Identification of a novel function of the alphavirus capping apparatus. RNA 5'-triphosphatase activity of Nsp2.

Program in Cellular Biotechnology, Institute of Biotechnology, Biocenter Viikki, University of Helsinki, FIN-00014, Helsinki, Finland.

Both genomic and subgenomic RNAs of the Alphavirus have m(7)G(5')ppp(5')N (cap0 structure) at their 5' end. Previously it has been shown that Alphavirus-specific nonstructural protein Nsp1 has guanine-7N-methyltransferase and guanylyltransferase activities needed in the synthesis of the cap structure. During normal cap synthesis the 5' gamma-phosphate of the nascent viral RNA chain is removed by a specific RNA 5'-triphosphatase before condensation with GMP, delivered by the guanylyltransferase.
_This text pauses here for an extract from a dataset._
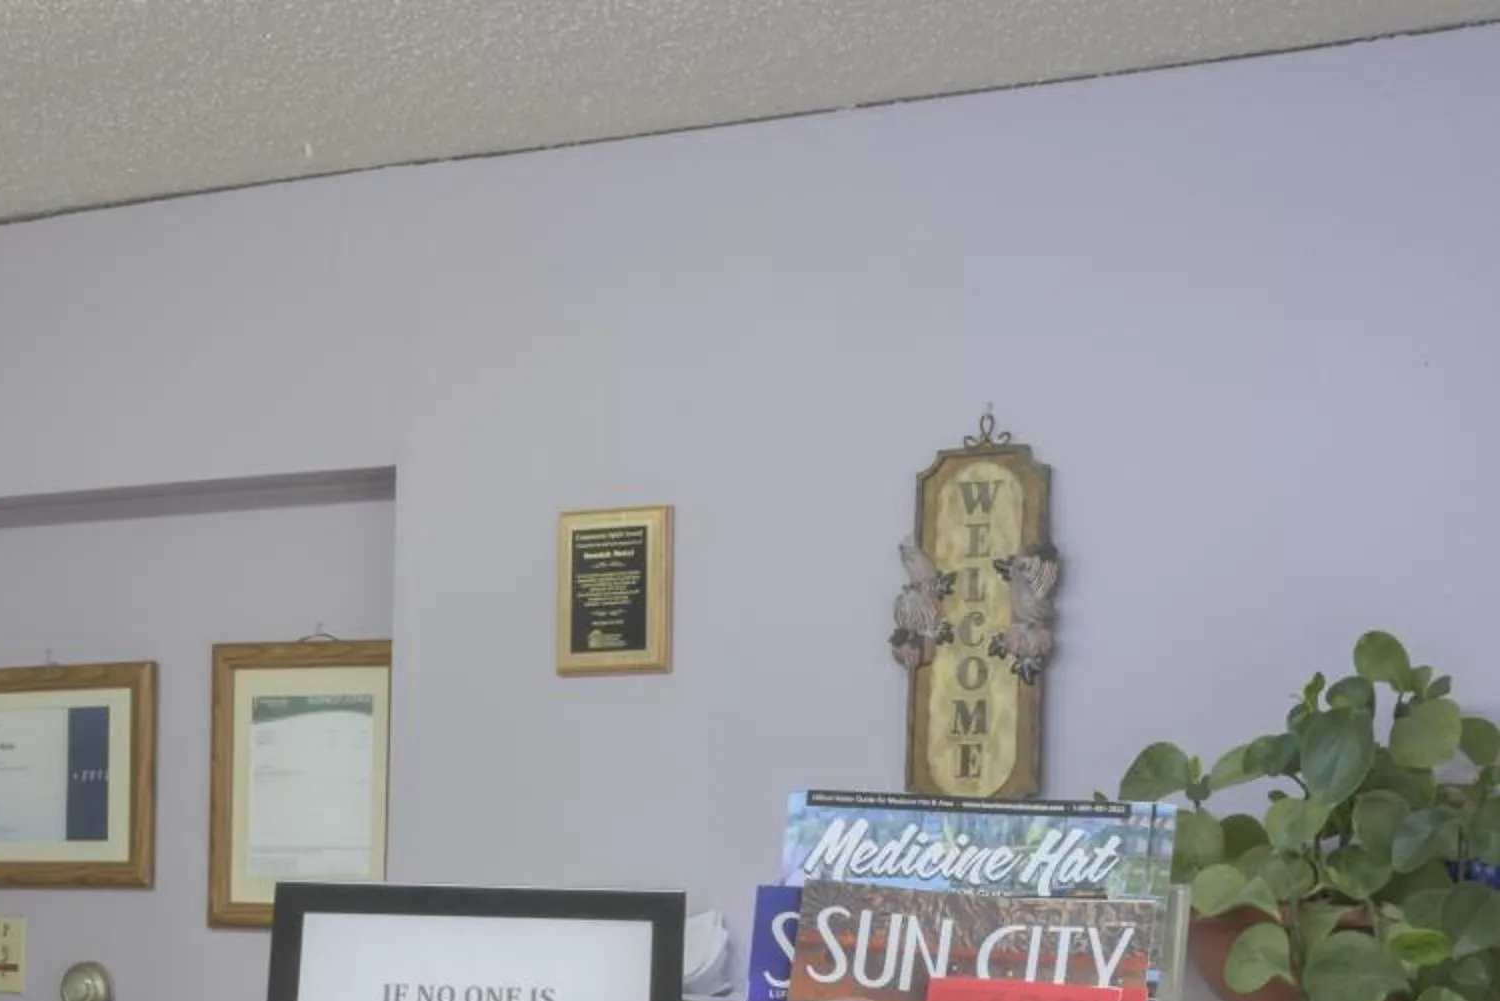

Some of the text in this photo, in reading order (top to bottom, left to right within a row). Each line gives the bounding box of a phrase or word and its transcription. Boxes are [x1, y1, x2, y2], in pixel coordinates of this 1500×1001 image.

[951, 480, 1003, 780] WELCOME
[804, 818, 1122, 897] Medicine Hat
[806, 905, 1135, 992] SUN CITY
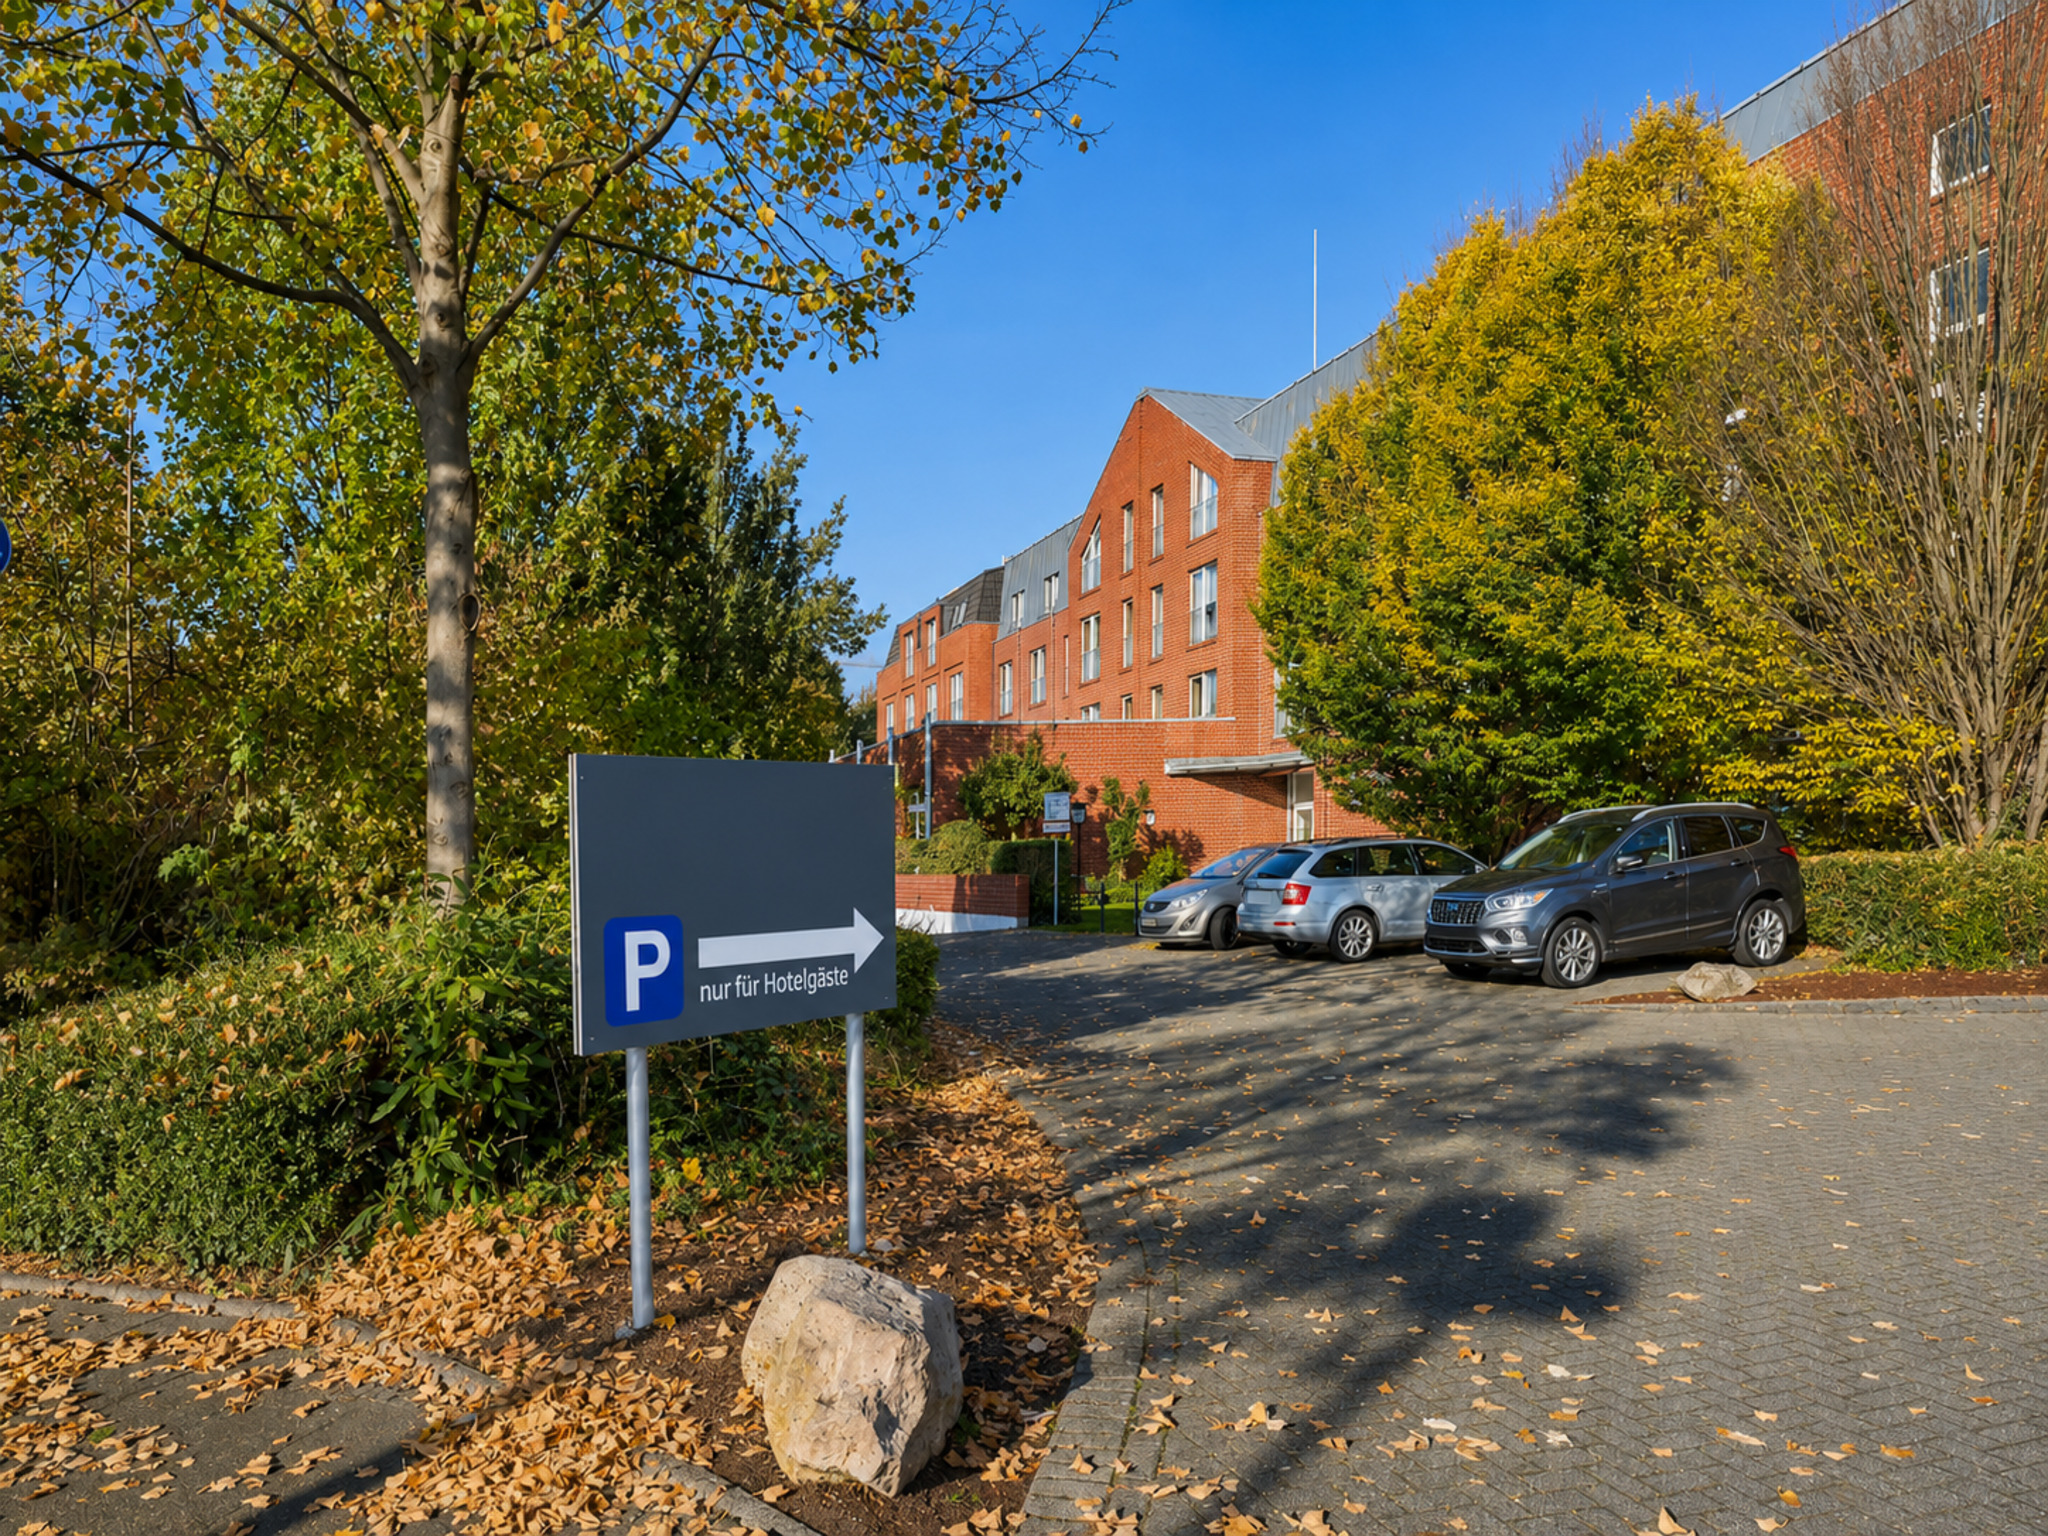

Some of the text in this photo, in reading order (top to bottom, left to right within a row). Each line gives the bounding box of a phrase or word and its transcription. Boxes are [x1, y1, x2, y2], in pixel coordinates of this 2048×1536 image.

Using a novel RNA triphosphatase assay, we show here that nonstructural protein Nsp2 (799 amino acids) of Semliki Forest virus specifically cleaves the gamma,beta-triphosphate bond at the 5' end of RNA. The same activity was demonstrated for Nsp2 of Sindbis virus, as well as for the amino-terminal fragment of Semliki Forest virus Nsp2-N (residues 1-470). The carboxyl-terminal part of Semliki Forest virus Nsp2-C (residues 471-799) had no RNA triphosphatase activity. Replacement of Lys-192 by Asn in the nucleotide-binding site completely abolished RNA triphosphatase and nucleoside triphosphatase activities of Semliki Forest virus Nsp2 and Nsp2-N. Here we provide biochemical characterization of the newly found function of Nsp2 and discuss the unique properties of the entire Alphavirus-capping apparatus.

PMID: 10748213 [PubMed - indexed for MEDLINE]